- Opening Delimiter -

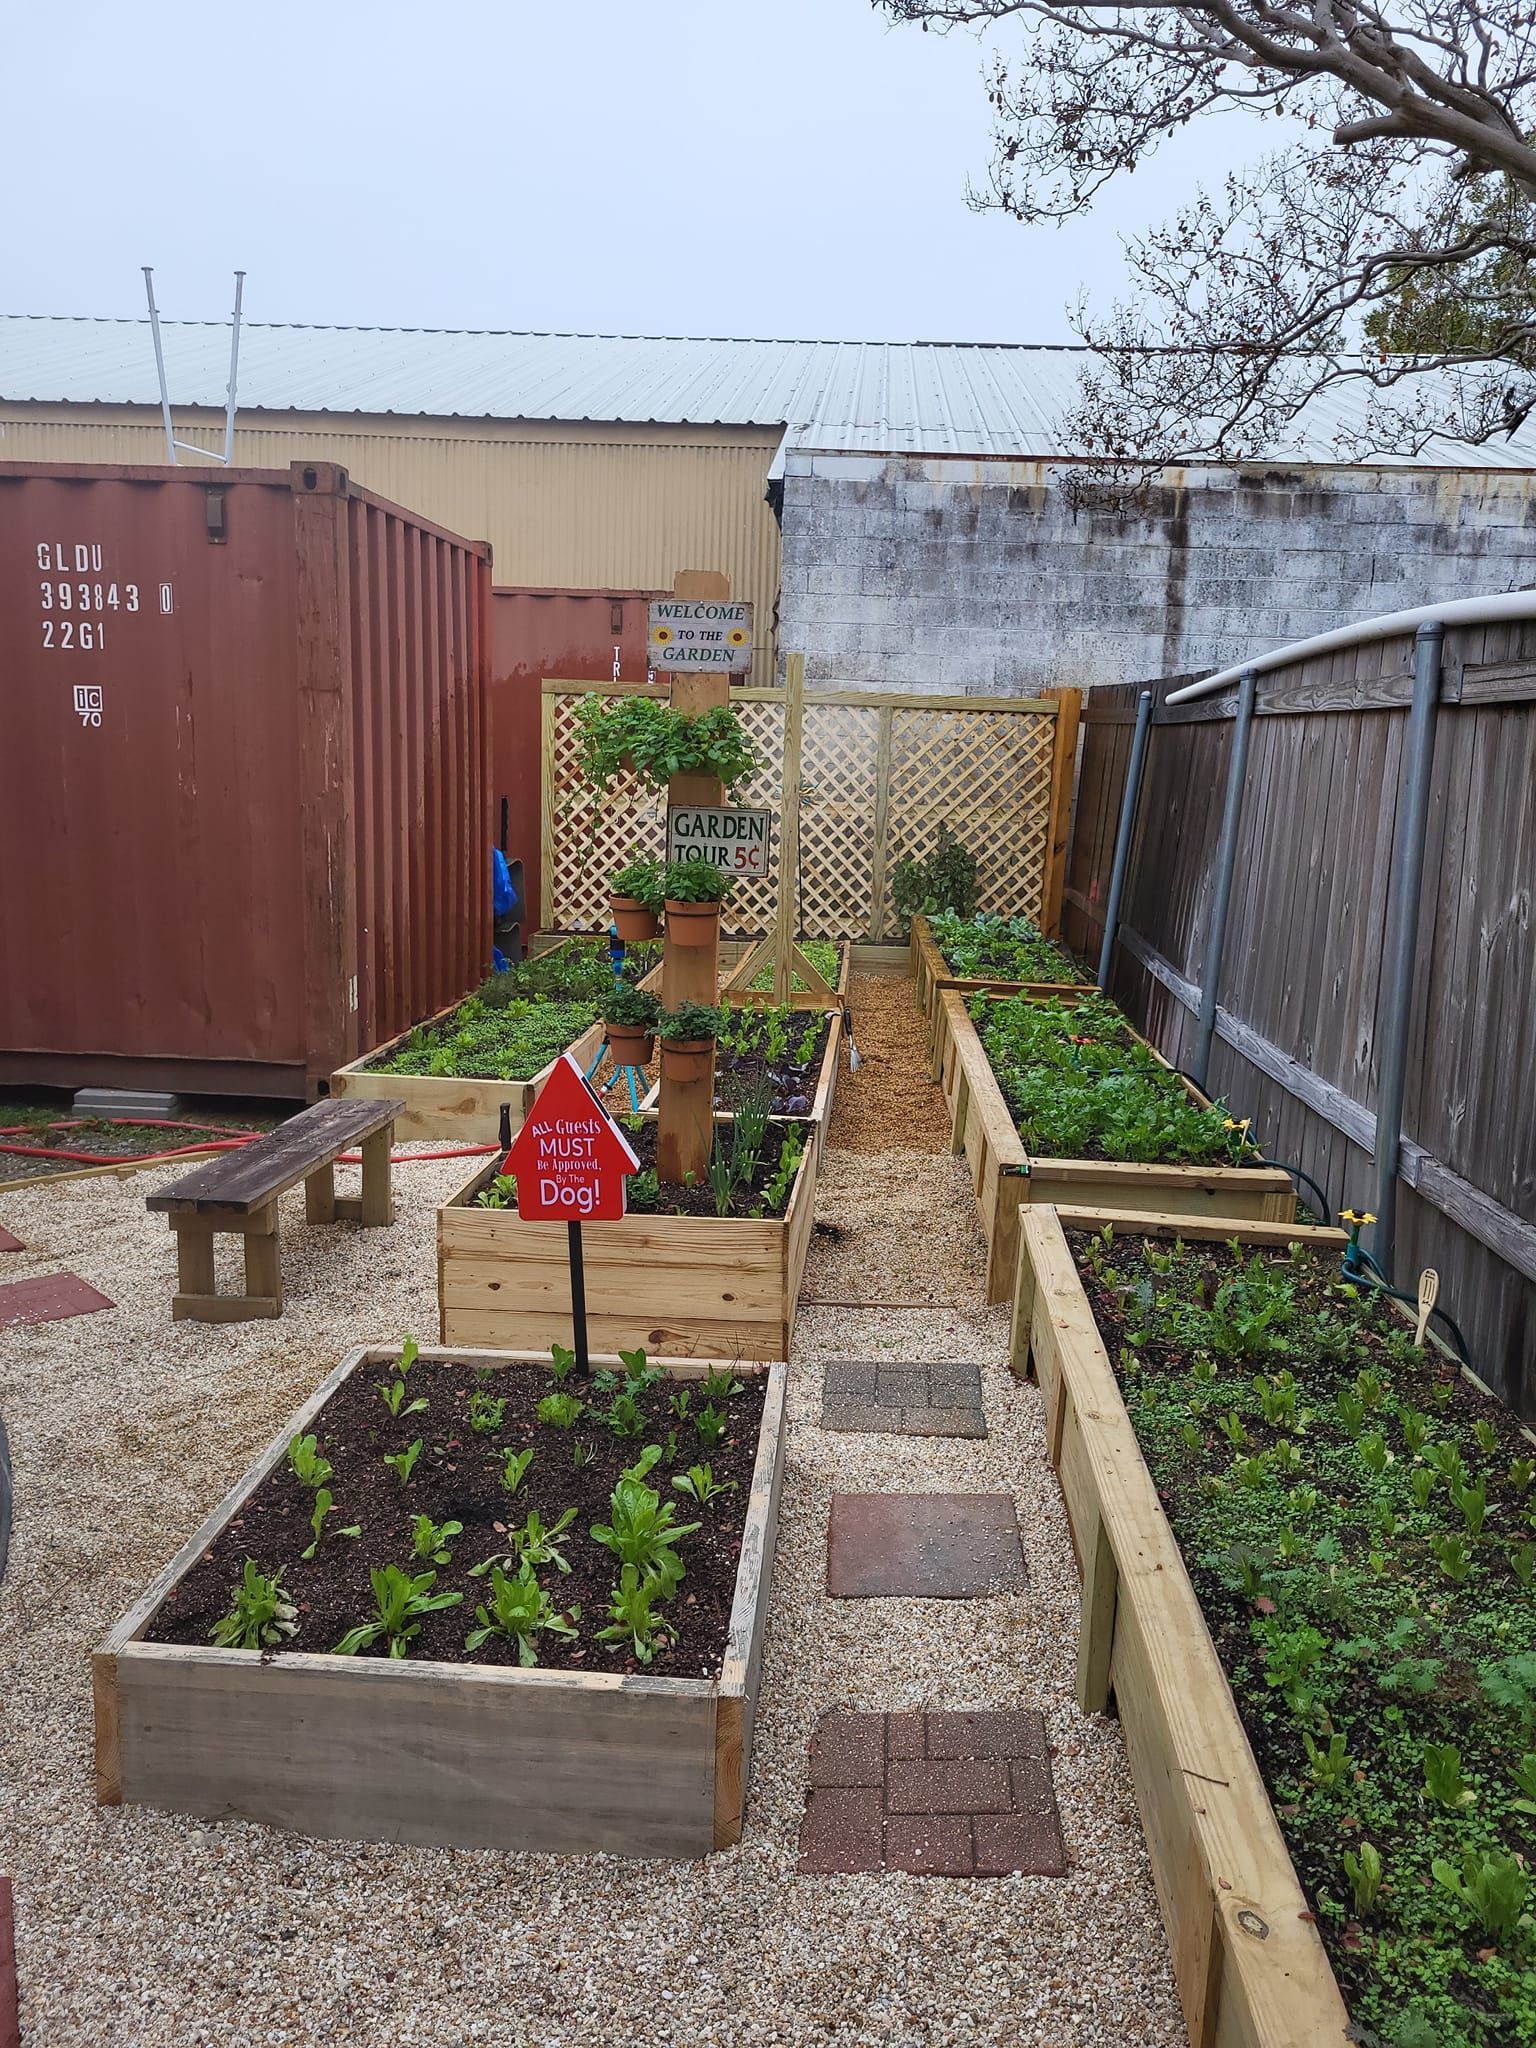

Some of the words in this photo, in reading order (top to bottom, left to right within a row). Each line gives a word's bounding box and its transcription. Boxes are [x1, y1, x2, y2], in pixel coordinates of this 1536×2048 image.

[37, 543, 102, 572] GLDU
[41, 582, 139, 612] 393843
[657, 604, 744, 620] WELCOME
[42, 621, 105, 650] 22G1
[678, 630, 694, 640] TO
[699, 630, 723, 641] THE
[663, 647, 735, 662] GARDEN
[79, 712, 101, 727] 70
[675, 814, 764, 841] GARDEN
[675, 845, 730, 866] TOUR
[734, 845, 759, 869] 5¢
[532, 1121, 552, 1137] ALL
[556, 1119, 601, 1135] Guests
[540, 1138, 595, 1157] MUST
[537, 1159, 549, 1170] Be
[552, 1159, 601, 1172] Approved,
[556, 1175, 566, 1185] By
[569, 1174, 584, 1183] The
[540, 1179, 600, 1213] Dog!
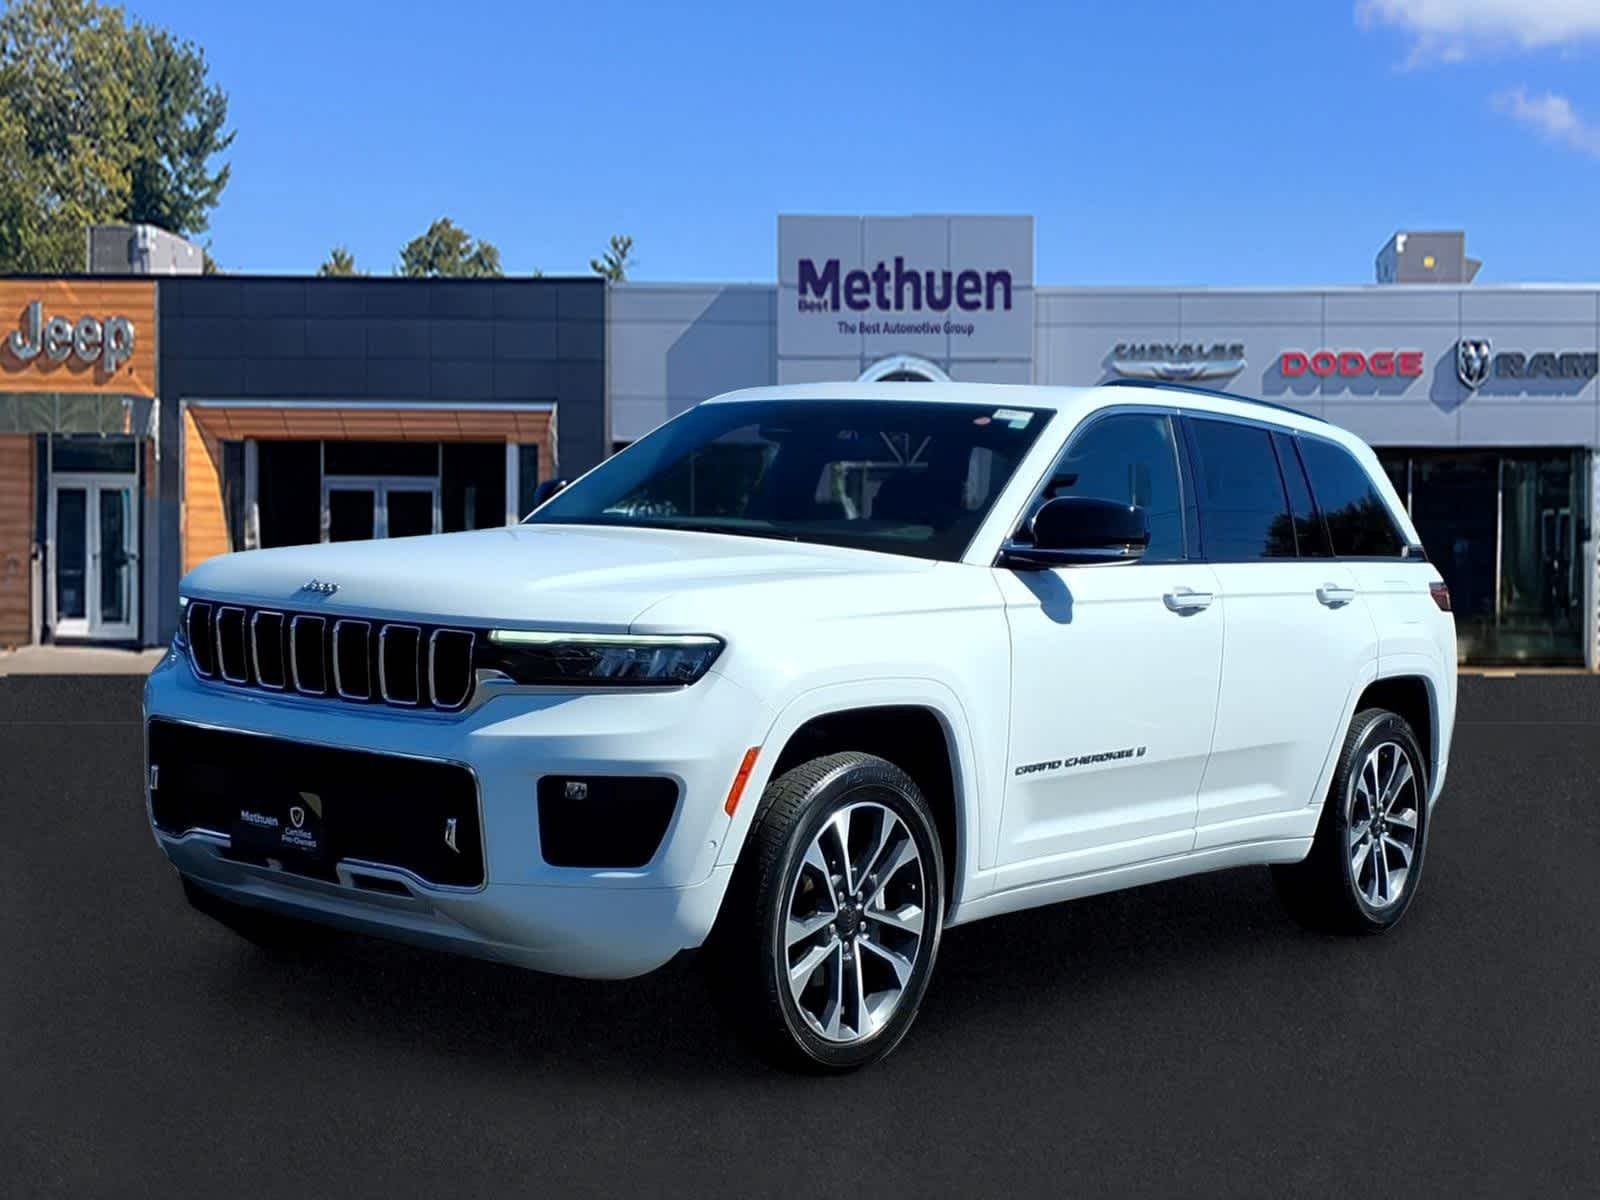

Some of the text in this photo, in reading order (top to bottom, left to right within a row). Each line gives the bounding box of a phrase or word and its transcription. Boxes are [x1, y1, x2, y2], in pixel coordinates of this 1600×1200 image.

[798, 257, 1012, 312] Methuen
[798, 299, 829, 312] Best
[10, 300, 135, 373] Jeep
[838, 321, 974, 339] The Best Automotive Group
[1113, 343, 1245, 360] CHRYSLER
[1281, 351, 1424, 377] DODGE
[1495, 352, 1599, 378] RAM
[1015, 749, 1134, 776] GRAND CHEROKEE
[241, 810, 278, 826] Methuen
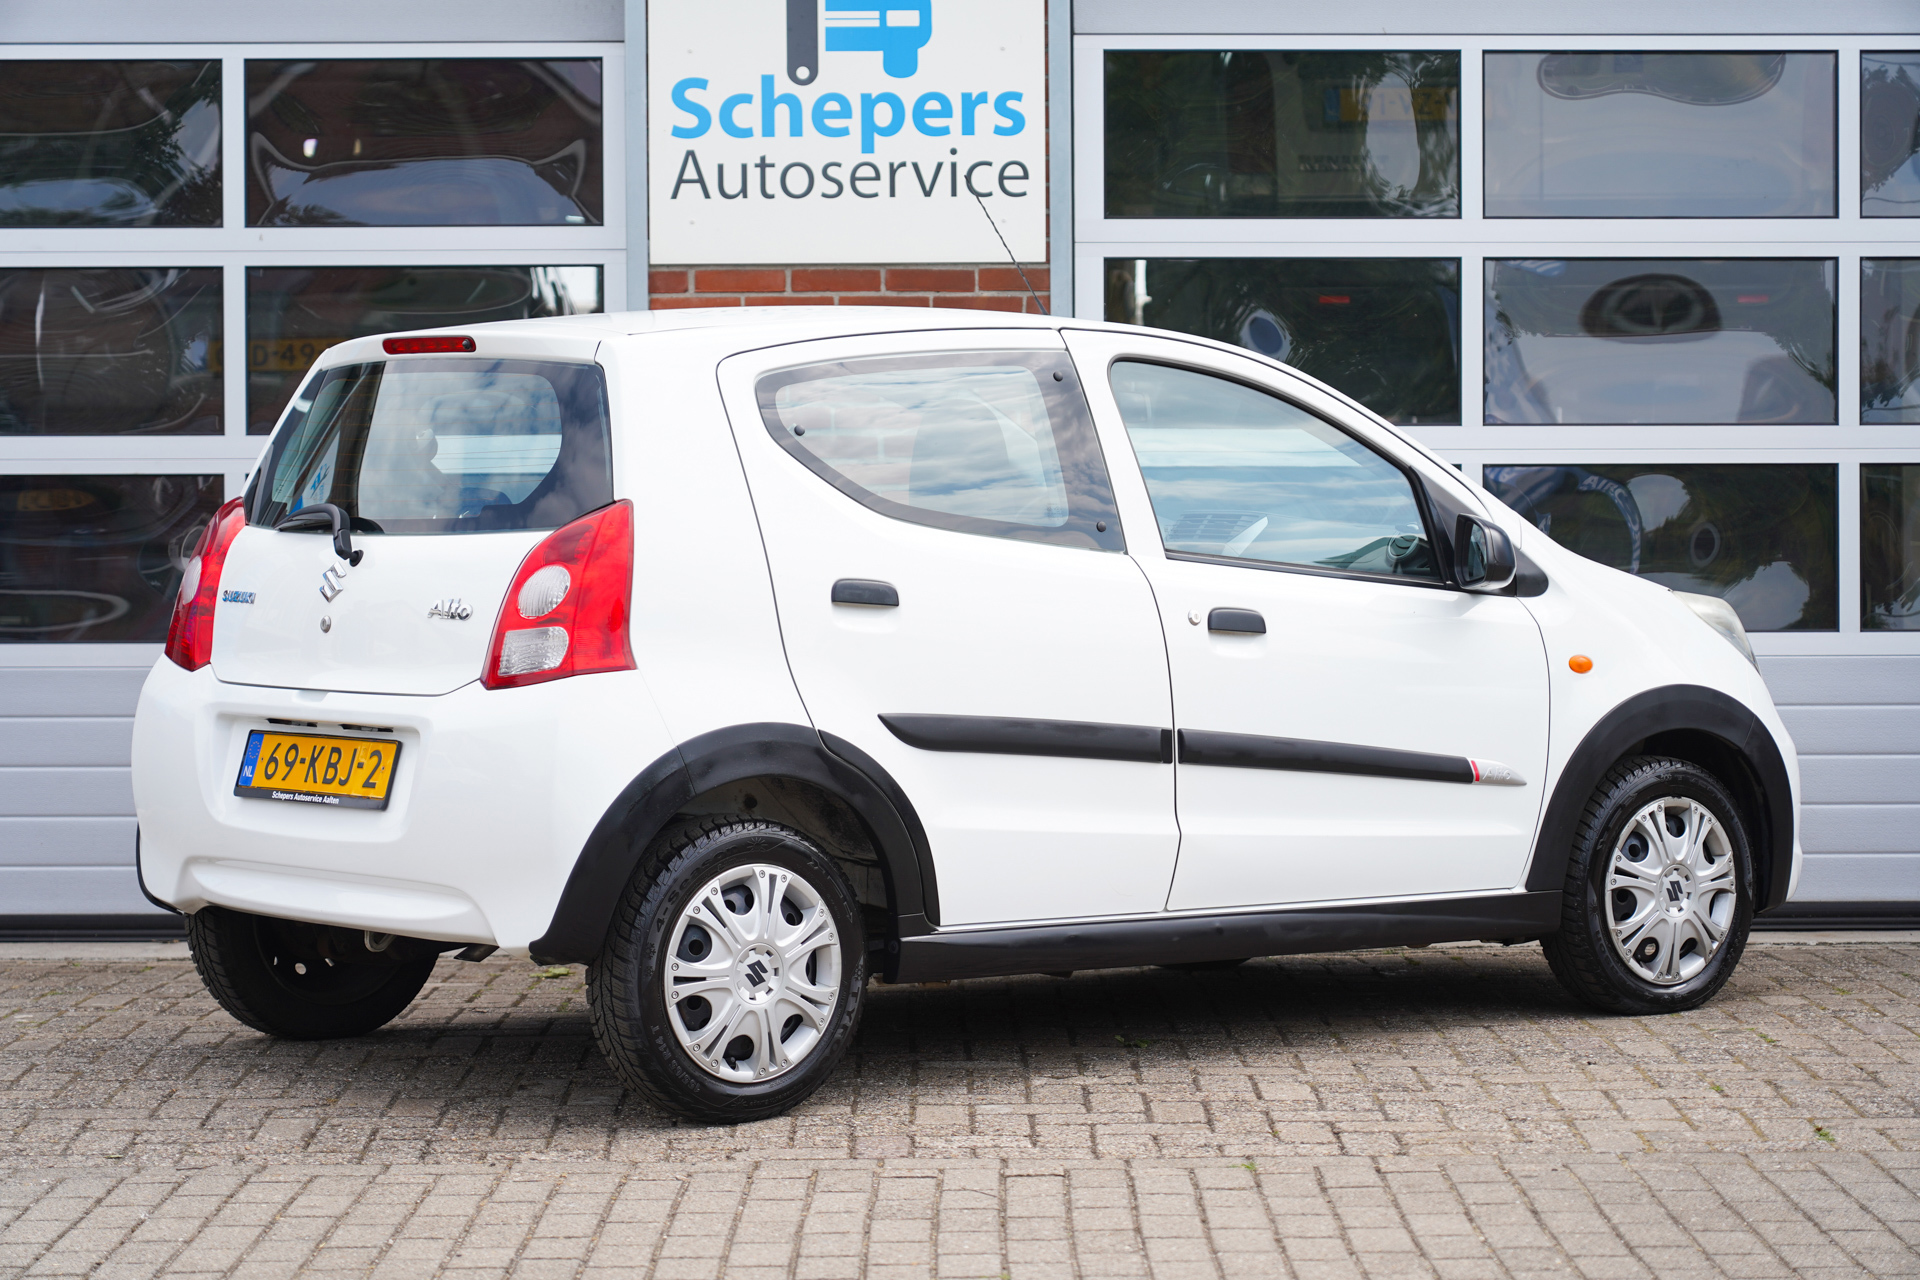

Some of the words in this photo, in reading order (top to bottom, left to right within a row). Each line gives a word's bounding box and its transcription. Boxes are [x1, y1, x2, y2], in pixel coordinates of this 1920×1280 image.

- Closing Delimiter -

EXERCISE DESCRIPTION => Each line above should be written out again unchanged; no images are to be carried over.

ANSWER =>
Some of the words in this photo, in reading order (top to bottom, left to right within a row). Each line gives a word's bounding box and its transcription. Boxes are [x1, y1, x2, y2], in pixel coordinates of this 1536×2048 image.

[37, 543, 102, 572] GLDU
[41, 582, 139, 612] 393843
[657, 604, 744, 620] WELCOME
[42, 621, 105, 650] 22G1
[678, 630, 694, 640] TO
[699, 630, 723, 641] THE
[663, 647, 735, 662] GARDEN
[79, 712, 101, 727] 70
[675, 814, 764, 841] GARDEN
[675, 845, 730, 866] TOUR
[734, 845, 759, 869] 5¢
[532, 1121, 552, 1137] ALL
[556, 1119, 601, 1135] Guests
[540, 1138, 595, 1157] MUST
[537, 1159, 549, 1170] Be
[552, 1159, 601, 1172] Approved,
[556, 1175, 566, 1185] By
[569, 1174, 584, 1183] The
[540, 1179, 600, 1213] Dog!

Some of the text in this photo, in reading order (top to bottom, left to right within a row). Each line gives the bounding box of a phrase or word and its transcription. Boxes are [x1, y1, x2, y2], in pixel coordinates of this 1600×1200 image.

[798, 257, 1012, 312] Methuen
[798, 299, 829, 312] Best
[10, 300, 135, 373] Jeep
[838, 321, 974, 339] The Best Automotive Group
[1113, 343, 1245, 360] CHRYSLER
[1281, 351, 1424, 377] DODGE
[1495, 352, 1599, 378] RAM
[1015, 749, 1134, 776] GRAND CHEROKEE
[241, 810, 278, 826] Methuen

Some of the words in this photo, in reading order (top to bottom, left to right within a row). Each line gives a word's bounding box and its transcription. Boxes are [x1, y1, x2, y2], in pixel coordinates of this 1920×1280 image.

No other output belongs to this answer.